When Ulrich Mohr, who had led the boarding party, commented on her Captain’s fine RCA Victor radio set, the skipper helped him dismantle it, and was rewarded with nightly visits to Mohr’s cabin on the Atlantis, where he chatted with the raider’s officers, enjoyed drinks, and was even allowed to listen to the BBC!
Having taken her crew of eighty-one on board, the City of Bagdad was sunk by Rogge’s explosives expert, the livewire red-headed Leutnant Fehler, who decided to remain on the ship, with 260 pounds of explosives, six times the insufficient amount he had used to try to sink the Scientist.
The resulting explosion took even him by surprise, as the ship foundered so rapidly that he almost failed to get off in time, injuring his arm in the process.

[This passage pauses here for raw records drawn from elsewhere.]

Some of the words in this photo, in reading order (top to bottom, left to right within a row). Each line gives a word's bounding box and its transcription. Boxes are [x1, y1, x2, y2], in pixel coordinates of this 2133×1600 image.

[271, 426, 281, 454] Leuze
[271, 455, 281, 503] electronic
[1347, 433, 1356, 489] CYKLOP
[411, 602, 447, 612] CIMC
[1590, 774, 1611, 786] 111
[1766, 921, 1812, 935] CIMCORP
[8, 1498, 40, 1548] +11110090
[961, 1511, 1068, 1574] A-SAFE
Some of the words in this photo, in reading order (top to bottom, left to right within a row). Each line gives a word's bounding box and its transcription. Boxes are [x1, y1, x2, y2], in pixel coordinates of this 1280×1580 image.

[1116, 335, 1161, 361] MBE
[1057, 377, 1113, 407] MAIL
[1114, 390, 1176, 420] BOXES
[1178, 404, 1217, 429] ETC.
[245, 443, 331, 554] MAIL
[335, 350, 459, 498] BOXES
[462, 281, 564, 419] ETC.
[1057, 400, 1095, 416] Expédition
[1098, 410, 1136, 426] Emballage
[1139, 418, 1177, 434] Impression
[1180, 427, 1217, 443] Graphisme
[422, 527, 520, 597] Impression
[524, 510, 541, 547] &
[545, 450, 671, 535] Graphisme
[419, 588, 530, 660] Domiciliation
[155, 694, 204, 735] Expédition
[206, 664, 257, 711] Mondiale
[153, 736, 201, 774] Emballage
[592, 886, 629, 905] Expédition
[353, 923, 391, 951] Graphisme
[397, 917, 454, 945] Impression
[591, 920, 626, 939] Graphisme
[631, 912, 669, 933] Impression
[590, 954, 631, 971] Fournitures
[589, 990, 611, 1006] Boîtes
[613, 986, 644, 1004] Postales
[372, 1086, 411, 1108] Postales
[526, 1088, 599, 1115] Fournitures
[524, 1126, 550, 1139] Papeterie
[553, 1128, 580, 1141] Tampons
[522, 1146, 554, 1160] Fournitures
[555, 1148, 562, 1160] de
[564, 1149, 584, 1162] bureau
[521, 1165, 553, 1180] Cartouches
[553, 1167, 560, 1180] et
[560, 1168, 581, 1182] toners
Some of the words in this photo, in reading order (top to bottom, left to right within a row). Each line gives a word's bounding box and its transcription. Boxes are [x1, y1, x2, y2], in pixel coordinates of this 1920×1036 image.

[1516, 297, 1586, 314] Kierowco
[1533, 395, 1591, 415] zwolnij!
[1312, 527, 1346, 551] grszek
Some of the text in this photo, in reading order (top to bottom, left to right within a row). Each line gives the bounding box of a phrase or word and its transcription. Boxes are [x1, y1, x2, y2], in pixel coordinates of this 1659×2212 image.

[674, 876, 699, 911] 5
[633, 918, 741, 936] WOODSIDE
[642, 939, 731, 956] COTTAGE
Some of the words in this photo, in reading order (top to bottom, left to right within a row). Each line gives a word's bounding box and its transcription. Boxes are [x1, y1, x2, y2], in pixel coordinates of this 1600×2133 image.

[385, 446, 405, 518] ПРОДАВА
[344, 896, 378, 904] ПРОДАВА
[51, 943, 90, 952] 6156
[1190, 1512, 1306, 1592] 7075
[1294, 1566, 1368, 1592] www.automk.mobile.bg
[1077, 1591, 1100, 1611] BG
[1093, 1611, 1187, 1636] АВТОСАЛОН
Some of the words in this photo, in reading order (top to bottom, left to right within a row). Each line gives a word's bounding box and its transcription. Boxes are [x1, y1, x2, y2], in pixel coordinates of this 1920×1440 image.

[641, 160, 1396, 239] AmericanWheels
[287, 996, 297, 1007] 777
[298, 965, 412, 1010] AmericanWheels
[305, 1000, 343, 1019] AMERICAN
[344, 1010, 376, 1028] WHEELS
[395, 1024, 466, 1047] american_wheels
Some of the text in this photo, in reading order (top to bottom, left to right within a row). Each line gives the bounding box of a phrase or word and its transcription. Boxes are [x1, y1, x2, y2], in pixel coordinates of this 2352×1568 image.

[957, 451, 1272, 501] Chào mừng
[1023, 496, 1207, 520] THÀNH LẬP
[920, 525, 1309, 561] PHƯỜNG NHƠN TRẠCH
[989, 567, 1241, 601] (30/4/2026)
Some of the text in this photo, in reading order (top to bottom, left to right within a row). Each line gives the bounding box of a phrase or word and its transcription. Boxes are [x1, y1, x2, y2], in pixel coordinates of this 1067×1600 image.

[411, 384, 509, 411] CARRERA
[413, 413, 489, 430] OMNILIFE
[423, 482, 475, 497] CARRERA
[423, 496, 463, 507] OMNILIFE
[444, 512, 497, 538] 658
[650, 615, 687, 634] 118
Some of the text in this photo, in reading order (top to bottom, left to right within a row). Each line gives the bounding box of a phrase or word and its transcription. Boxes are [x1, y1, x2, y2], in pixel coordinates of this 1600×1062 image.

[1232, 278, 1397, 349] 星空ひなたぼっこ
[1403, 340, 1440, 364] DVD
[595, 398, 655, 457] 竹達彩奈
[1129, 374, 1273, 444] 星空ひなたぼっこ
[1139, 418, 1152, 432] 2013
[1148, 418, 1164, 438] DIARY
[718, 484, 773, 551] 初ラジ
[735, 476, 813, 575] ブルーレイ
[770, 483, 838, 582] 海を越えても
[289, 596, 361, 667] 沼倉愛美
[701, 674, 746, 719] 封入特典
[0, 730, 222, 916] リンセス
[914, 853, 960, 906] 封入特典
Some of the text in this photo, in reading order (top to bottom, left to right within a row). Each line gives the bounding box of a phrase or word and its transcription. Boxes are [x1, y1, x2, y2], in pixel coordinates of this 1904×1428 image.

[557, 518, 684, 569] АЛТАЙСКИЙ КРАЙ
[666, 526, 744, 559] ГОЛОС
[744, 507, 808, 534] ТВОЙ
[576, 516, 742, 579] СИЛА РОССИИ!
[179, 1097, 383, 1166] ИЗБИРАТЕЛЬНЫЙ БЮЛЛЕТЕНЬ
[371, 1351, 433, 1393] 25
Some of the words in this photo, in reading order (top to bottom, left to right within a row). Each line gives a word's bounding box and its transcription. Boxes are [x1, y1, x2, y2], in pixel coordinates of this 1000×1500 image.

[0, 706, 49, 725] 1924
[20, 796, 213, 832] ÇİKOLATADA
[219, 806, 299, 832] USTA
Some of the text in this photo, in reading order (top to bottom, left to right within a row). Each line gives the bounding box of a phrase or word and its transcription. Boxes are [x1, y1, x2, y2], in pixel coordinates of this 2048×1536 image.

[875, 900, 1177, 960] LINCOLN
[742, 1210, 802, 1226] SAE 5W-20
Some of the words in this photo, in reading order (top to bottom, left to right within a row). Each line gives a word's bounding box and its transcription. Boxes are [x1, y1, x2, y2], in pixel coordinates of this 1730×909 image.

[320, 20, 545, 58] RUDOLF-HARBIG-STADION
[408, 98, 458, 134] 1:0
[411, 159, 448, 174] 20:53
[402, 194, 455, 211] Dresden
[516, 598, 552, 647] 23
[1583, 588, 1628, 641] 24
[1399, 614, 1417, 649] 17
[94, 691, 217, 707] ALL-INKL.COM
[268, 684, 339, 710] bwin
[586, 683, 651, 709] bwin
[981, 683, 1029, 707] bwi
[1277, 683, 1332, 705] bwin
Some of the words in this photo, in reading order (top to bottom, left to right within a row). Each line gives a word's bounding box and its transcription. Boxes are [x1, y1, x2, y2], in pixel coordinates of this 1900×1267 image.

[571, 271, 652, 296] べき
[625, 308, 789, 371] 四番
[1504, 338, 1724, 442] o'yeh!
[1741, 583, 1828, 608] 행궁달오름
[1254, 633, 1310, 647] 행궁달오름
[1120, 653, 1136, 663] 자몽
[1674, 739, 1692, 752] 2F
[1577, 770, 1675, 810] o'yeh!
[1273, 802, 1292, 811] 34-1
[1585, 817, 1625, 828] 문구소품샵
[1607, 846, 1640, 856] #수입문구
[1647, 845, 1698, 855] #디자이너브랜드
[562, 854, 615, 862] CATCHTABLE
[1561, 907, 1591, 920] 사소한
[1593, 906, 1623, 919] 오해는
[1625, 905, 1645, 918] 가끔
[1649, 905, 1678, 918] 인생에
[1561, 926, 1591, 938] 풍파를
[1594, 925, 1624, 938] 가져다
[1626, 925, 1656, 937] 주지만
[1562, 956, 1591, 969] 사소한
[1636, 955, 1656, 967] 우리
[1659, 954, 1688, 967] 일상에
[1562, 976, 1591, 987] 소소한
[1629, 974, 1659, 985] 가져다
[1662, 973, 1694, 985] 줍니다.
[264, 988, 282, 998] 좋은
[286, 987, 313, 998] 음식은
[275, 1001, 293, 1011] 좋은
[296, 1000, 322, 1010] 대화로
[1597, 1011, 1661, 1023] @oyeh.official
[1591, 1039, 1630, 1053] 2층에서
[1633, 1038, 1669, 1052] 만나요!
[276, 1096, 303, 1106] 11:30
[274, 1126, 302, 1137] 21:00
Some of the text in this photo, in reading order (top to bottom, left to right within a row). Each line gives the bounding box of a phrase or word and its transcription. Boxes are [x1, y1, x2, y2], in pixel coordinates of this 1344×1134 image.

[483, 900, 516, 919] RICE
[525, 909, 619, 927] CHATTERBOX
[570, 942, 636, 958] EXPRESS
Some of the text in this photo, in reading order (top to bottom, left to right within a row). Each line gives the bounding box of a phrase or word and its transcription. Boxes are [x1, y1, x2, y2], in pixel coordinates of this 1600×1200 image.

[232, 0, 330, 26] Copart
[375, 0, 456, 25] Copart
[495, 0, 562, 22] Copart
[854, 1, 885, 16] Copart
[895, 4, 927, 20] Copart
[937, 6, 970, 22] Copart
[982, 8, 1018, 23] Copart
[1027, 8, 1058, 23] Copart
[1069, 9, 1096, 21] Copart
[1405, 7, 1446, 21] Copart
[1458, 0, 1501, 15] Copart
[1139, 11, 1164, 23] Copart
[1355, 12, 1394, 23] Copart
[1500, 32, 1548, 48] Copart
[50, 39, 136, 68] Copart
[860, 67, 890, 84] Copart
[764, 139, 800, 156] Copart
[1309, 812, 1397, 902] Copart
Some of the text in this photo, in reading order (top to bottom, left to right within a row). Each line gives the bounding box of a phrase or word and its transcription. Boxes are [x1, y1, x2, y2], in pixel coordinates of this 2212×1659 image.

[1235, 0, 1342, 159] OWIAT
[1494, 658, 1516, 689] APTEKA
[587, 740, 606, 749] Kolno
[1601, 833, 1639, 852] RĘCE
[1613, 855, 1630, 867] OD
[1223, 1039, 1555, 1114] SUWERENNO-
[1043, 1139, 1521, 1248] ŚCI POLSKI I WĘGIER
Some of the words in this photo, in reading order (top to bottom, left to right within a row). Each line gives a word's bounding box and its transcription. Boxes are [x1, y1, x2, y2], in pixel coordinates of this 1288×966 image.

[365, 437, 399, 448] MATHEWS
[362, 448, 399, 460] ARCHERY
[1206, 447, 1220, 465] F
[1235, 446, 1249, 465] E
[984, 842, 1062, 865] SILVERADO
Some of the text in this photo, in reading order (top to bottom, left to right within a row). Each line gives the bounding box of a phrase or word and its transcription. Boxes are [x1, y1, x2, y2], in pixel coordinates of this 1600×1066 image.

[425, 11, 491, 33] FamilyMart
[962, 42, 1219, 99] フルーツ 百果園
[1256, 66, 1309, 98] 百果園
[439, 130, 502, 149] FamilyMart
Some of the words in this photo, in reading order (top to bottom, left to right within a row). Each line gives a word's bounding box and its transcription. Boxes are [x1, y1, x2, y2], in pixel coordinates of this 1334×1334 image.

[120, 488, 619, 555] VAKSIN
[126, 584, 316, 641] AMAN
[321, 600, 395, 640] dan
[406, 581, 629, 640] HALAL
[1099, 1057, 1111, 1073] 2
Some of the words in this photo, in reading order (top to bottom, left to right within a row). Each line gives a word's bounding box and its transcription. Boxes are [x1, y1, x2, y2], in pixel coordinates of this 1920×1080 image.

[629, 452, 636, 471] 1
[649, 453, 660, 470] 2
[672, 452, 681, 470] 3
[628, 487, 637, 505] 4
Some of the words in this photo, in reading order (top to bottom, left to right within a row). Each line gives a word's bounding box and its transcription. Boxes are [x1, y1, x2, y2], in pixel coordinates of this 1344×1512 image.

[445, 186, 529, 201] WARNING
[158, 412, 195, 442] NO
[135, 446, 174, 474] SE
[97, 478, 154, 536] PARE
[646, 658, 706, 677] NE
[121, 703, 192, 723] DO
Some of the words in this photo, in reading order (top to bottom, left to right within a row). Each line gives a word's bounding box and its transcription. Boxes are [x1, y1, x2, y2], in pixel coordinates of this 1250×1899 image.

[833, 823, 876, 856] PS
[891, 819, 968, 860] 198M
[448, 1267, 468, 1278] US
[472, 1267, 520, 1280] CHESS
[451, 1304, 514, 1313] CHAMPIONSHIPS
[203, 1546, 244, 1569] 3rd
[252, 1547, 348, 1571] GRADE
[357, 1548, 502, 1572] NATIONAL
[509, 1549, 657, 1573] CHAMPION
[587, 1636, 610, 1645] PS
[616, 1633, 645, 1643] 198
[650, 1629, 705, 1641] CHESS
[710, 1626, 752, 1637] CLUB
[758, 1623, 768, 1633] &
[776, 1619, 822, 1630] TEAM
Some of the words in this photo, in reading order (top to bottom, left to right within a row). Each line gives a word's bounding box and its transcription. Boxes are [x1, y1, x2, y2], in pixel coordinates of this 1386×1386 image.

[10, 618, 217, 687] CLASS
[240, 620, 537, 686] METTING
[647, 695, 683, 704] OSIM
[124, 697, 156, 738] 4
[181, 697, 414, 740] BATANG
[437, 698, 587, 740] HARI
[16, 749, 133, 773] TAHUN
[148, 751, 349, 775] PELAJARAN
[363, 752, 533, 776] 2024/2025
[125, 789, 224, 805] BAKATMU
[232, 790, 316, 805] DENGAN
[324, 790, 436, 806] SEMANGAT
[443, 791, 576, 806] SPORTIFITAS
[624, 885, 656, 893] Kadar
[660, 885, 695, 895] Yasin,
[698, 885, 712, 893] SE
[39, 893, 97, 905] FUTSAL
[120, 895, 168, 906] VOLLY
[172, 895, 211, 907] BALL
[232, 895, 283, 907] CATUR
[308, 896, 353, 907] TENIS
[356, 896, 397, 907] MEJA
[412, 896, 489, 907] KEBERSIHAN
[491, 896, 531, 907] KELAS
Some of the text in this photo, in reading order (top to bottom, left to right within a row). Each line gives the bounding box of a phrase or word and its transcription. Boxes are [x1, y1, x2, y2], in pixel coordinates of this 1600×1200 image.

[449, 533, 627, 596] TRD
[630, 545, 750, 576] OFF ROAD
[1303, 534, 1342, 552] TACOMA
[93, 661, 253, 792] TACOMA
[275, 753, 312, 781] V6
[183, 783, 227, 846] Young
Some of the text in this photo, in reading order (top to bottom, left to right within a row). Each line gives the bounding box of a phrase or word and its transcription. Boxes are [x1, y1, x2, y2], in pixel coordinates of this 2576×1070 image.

He had been told by Rogge to use 200 pounds, so when brought before him to explain his actions, he said “I just wanted to experience the sensation!”
He quickly experienced the sensation of a stern dressing down from his Captain.
Among the papers found on the City of Bagdad was a copy of the report sent by the captain of the City of Exeter, describing the Atlantis in minute detail, including a photograph of the Freienfels, a ship not unlike the raider, confirming that he had not been deceived by her ‘Japanese’ disguise for one moment.
As a result of this, Rogge had his ship’s profile altered, paying particular attention to the outline of her masts, adding two new ones.